Feature #6910
closedLoading syck's broken yaml with psych
Description
You know, syck outputs wrong yaml.
For example, syck works as following:
ruby-1.9.2 > ["\u3042",Time.at(0).to_s].to_yaml
=> "--- \n- "\xE3\x81\x82"\n- 1970-01-01 09:00:00 +09:00\n"
It should be
ruby-1.9.3 > ["\u3042",Time.at(0).to_s].to_yaml
=> "---\n- あ\n- '1970-01-01 09:00:00 +0900'\n"
syck's dump of Unicode string is interpreted as "\u00E3\u0081\u0082".
syck's dump of Time like string is interpreted as Time.
It is hard to migrate old data to new and correct data, so it is useful if psych has a such compatibility option.
Files
Updated by Anonymous about 12 years ago
On Thu, Aug 23, 2012 at 11:04:22AM +0900, naruse (Yui NARUSE) wrote:
Issue #6910 has been reported by naruse (Yui NARUSE).
Feature #6910: Loading syck's broken yaml with psych
https://bugs.ruby-lang.org/issues/6910Author: naruse (Yui NARUSE)
Status: Assigned
Priority: Normal
Assignee: tenderlovemaking (Aaron Patterson)
Category: ext
Target version: 2.0.0You know, syck outputs wrong yaml.
For example, syck works as following:ruby-1.9.2 > ["\u3042",Time.at(0).to_s].to_yaml
=> "--- \n- "\xE3\x81\x82"\n- 1970-01-01 09:00:00 +09:00\n"It should be
ruby-1.9.3 > ["\u3042",Time.at(0).to_s].to_yaml
=> "---\n- あ\n- '1970-01-01 09:00:00 +0900'\n"syck's dump of Unicode string is interpreted as "\u00E3\u0081\u0082".
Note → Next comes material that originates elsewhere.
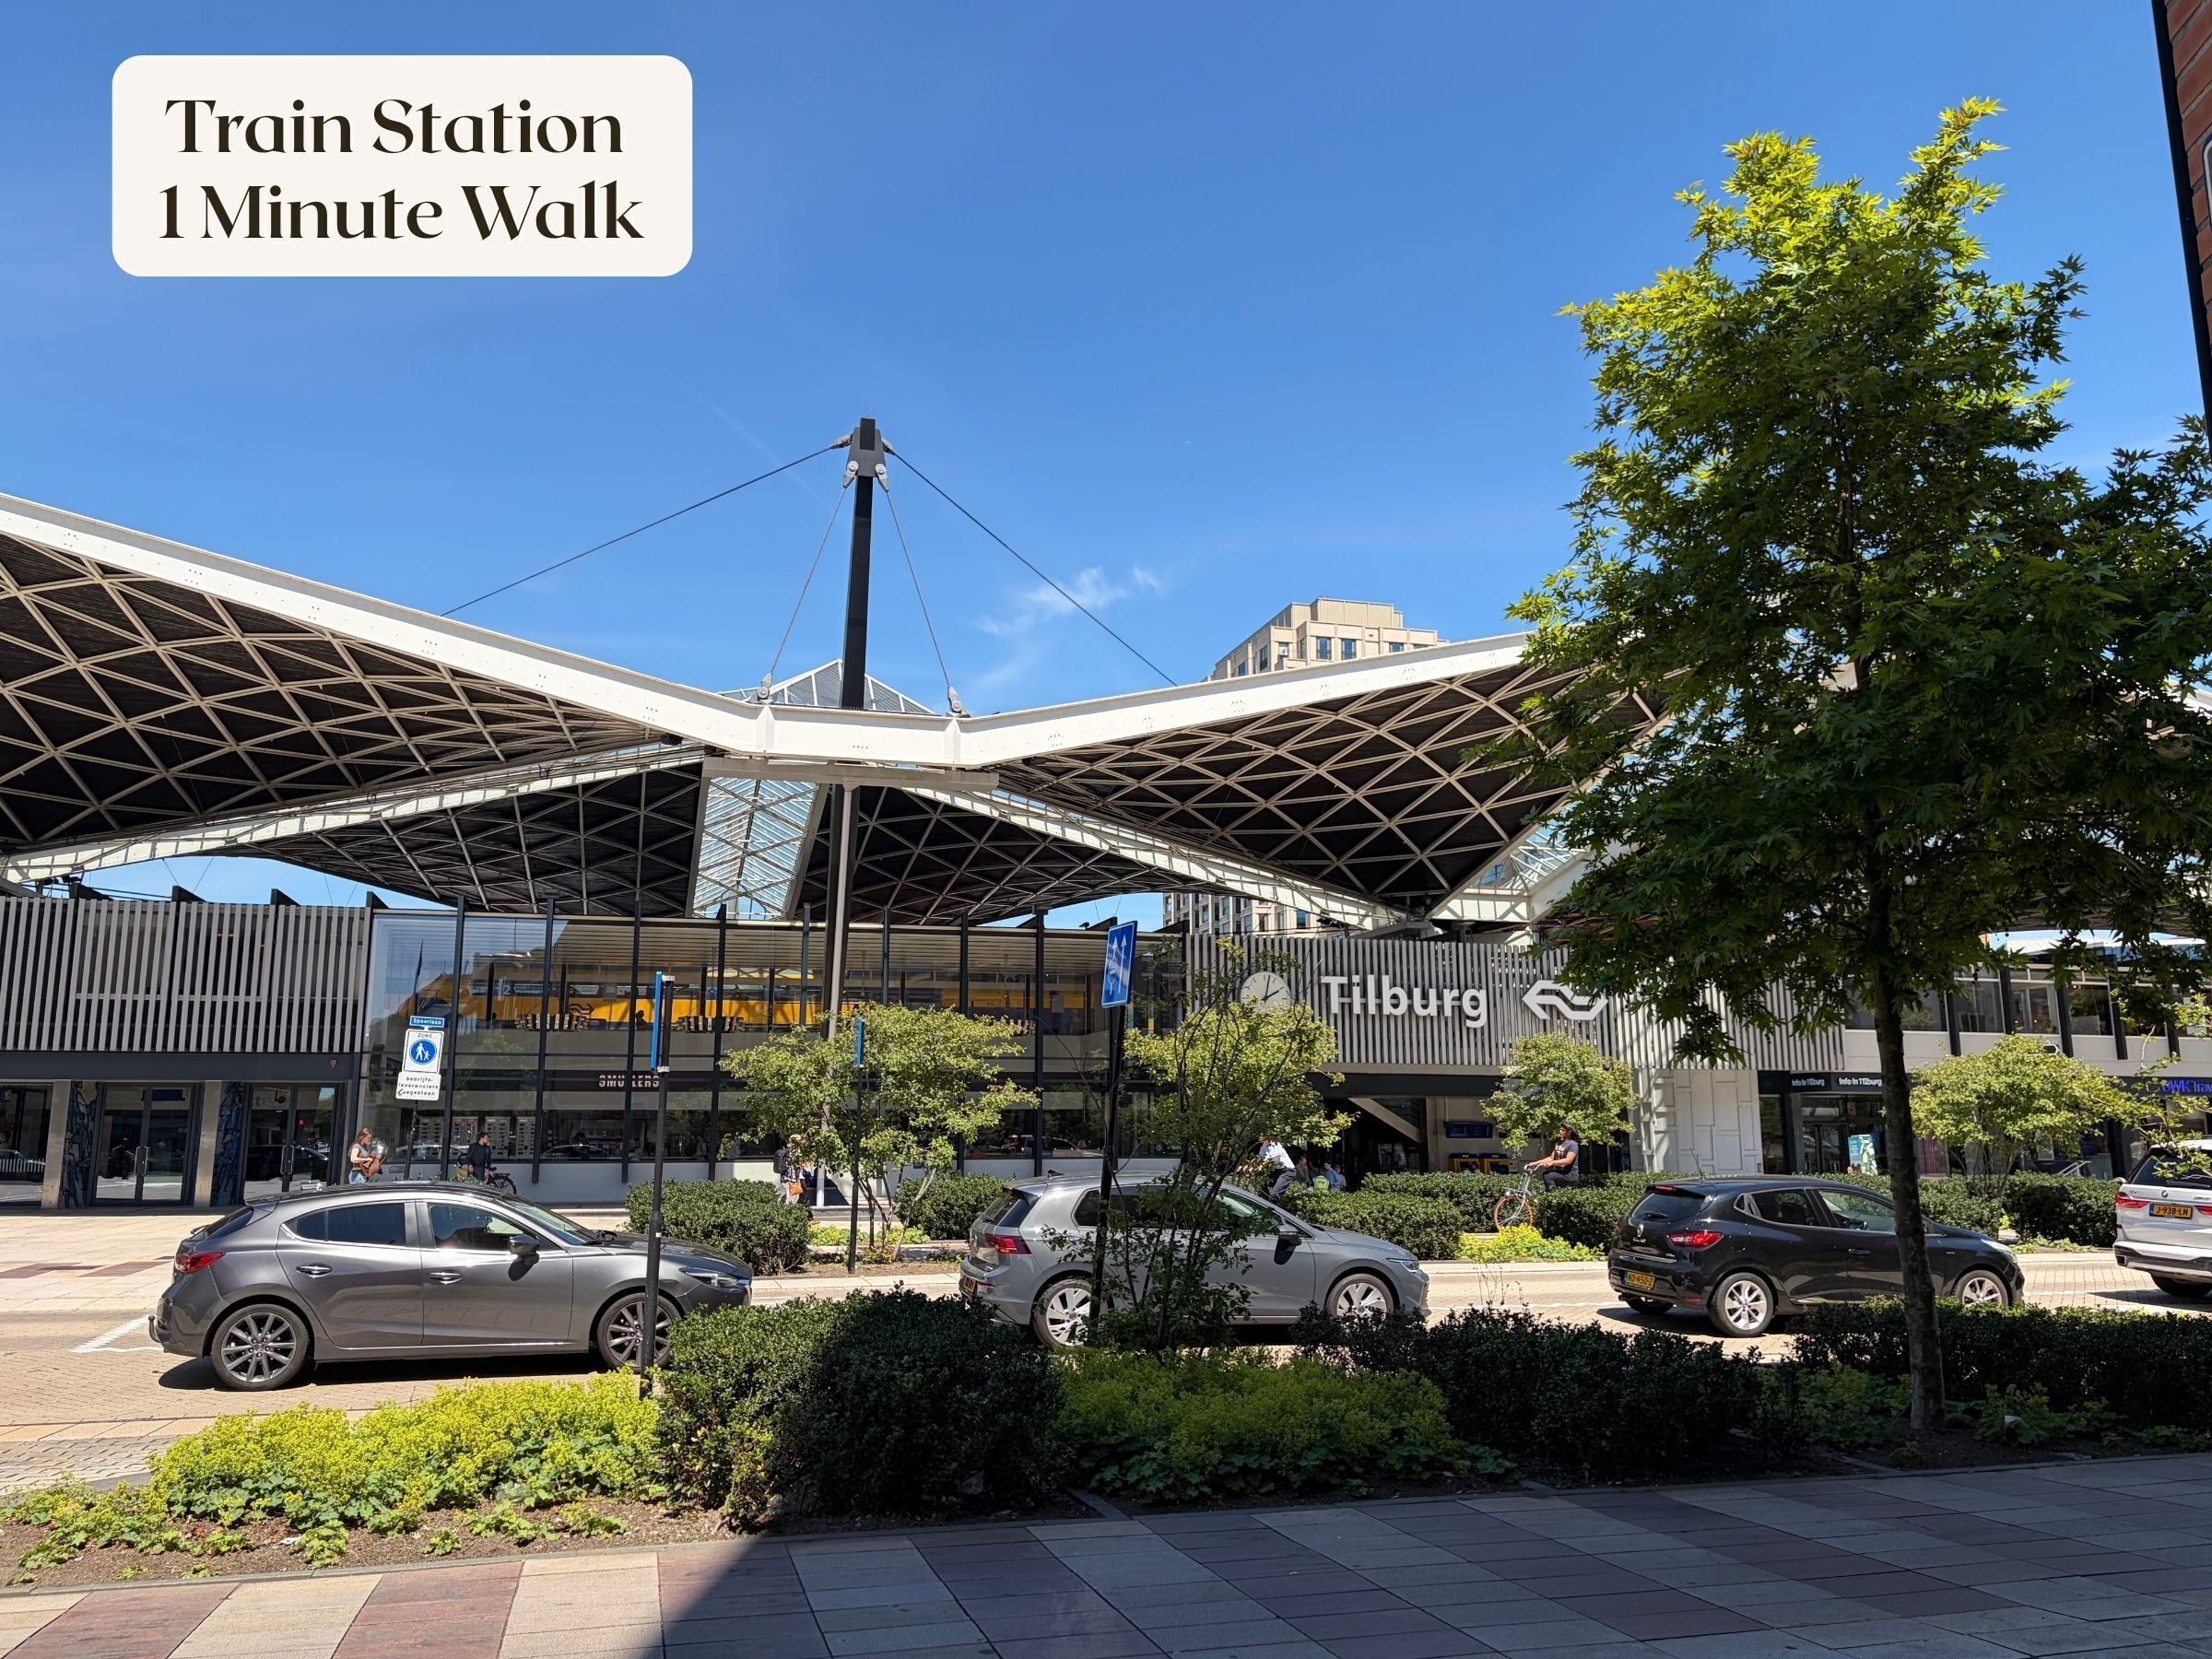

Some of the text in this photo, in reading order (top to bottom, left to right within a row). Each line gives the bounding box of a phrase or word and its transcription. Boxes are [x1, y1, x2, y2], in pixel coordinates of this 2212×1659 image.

[1321, 974, 1488, 1028] Tilburg
[599, 1075, 660, 1088] SMULERS
[1858, 1077, 1882, 1087] Tilburg
[2157, 1206, 2189, 1216] J-938-LN
syck's dump of Time like string is interpreted as Time.
It is hard to migrate old data to new and correct data, so it is useful if psych has a such compatibility option.
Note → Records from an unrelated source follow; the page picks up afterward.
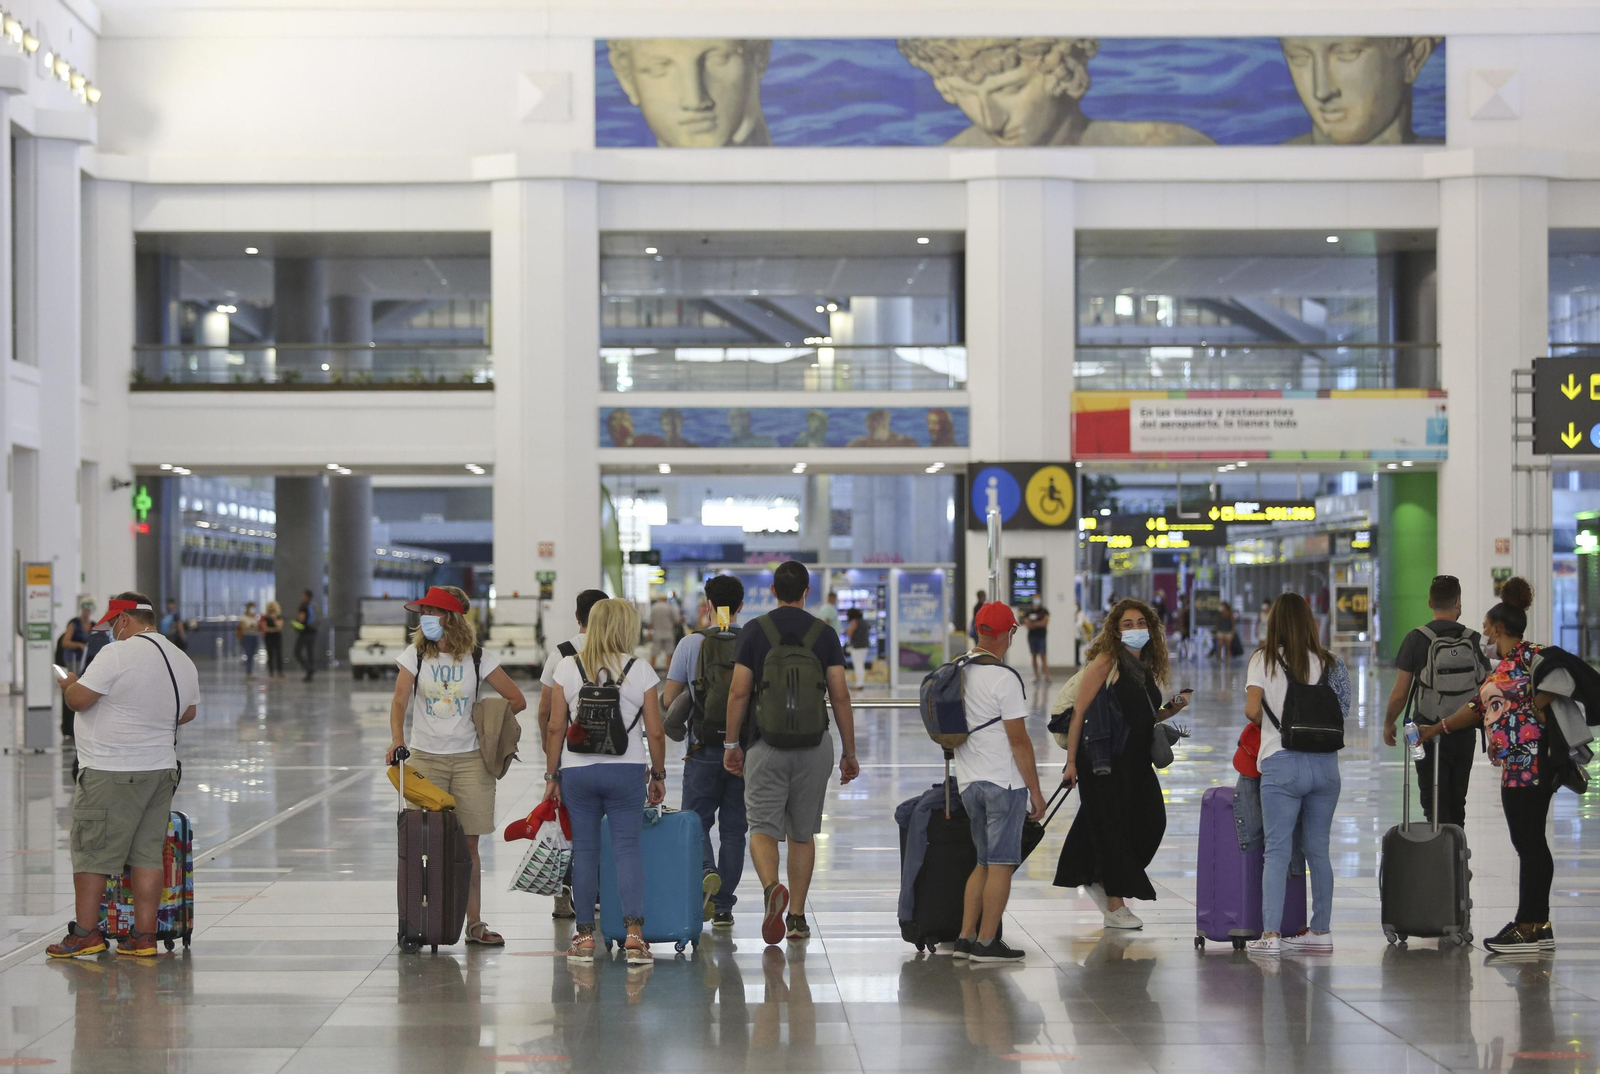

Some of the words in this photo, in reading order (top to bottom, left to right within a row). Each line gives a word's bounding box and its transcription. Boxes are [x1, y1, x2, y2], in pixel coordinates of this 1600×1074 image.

[1140, 407, 1154, 417] En
[1156, 407, 1171, 417] las
[1174, 407, 1214, 417] tiendas
[1216, 409, 1223, 419] y
[1225, 407, 1294, 417] restaurantes
[1140, 419, 1157, 429] del
[1237, 419, 1270, 429] tienes
[1273, 419, 1298, 429] todo
[430, 664, 464, 683] YOU
[425, 697, 469, 716] GAT
It's possible to have both syck and psych loaded in 1.9.3 (also 1.9.2 I
think):
require 'syck'
require 'yaml'
require 'psych'
def convert legacy
Psych.dump YAML.load legacy
end
legacy = YAML.dump ["\u3042",Time.at(0).to_s]
puts convert legacy
I'm pushing syck to a gem so people can do this even further in the
future.
--
Aaron Patterson
http://tenderlovemaking.com/
Updated by naruse (Yui NARUSE) about 12 years ago
I want to migrate gradually.
The way needs explicit big bang conversion.
Updated by Anonymous about 12 years ago
On Thu, Aug 23, 2012 at 03:49:03PM +0900, naruse (Yui NARUSE) wrote:
Issue #6910 has been updated by naruse (Yui NARUSE).
I want to migrate gradually.
The way needs explicit big bang conversion.
Then I guess you need a way to differentiate converted yaml from
non-converted yaml. Most people I've helped with this use something out
of band like a database column to mark the conversion. However, it is
possible to use a YAML version. Syck does not support YAML 1.1, so we
can tag the YAML as version 1.1. Unfortunately, syck will not raise an
exception on the version identifier, so we have to test for it
ourselves. Here is an example:
require 'syck'
require 'yaml'
require 'psych'
require 'minitest/autorun'
class Loader < MiniTest::Unit::TestCase
def converted? text
text =~ /\A%YAML 1\.1/
end
def load_yaml text
if converted? text
Psych.load text
else
YAML.load text
end
end
def dump_yaml object
Psych.dump object, {:version => [1,1]}
end
def test_convert
obj = ["\u3042",Time.at(0).to_s]
legacy_yaml = YAML.dump obj
obj2 = load_yaml legacy_yaml
# we can load legacy yaml
assert_equal obj, obj2
converted_yaml = dump_yaml obj
# make sure the yaml is tagged when dumping
assert converted? converted_yaml
# make sure object loaded from converted yaml is same
assert_equal obj, load_yaml(converted_yaml)
end
end
--
Aaron Patterson
http://tenderlovemaking.com/
Updated by tenderlovemaking (Aaron Patterson) about 12 years ago
- Status changed from Assigned to Rejected
I've pushed a gem for people that want to upgrade to Ruby 2.0.0, but still have Syck's YAML:
https://rubygems.org/gems/syck
Since libyaml does the actual YAML parsing, we would either have to include syck with psych, or ship libyaml with ruby and modify it's parser. I think the gem option is the best route. People can still use it to parse old YAML.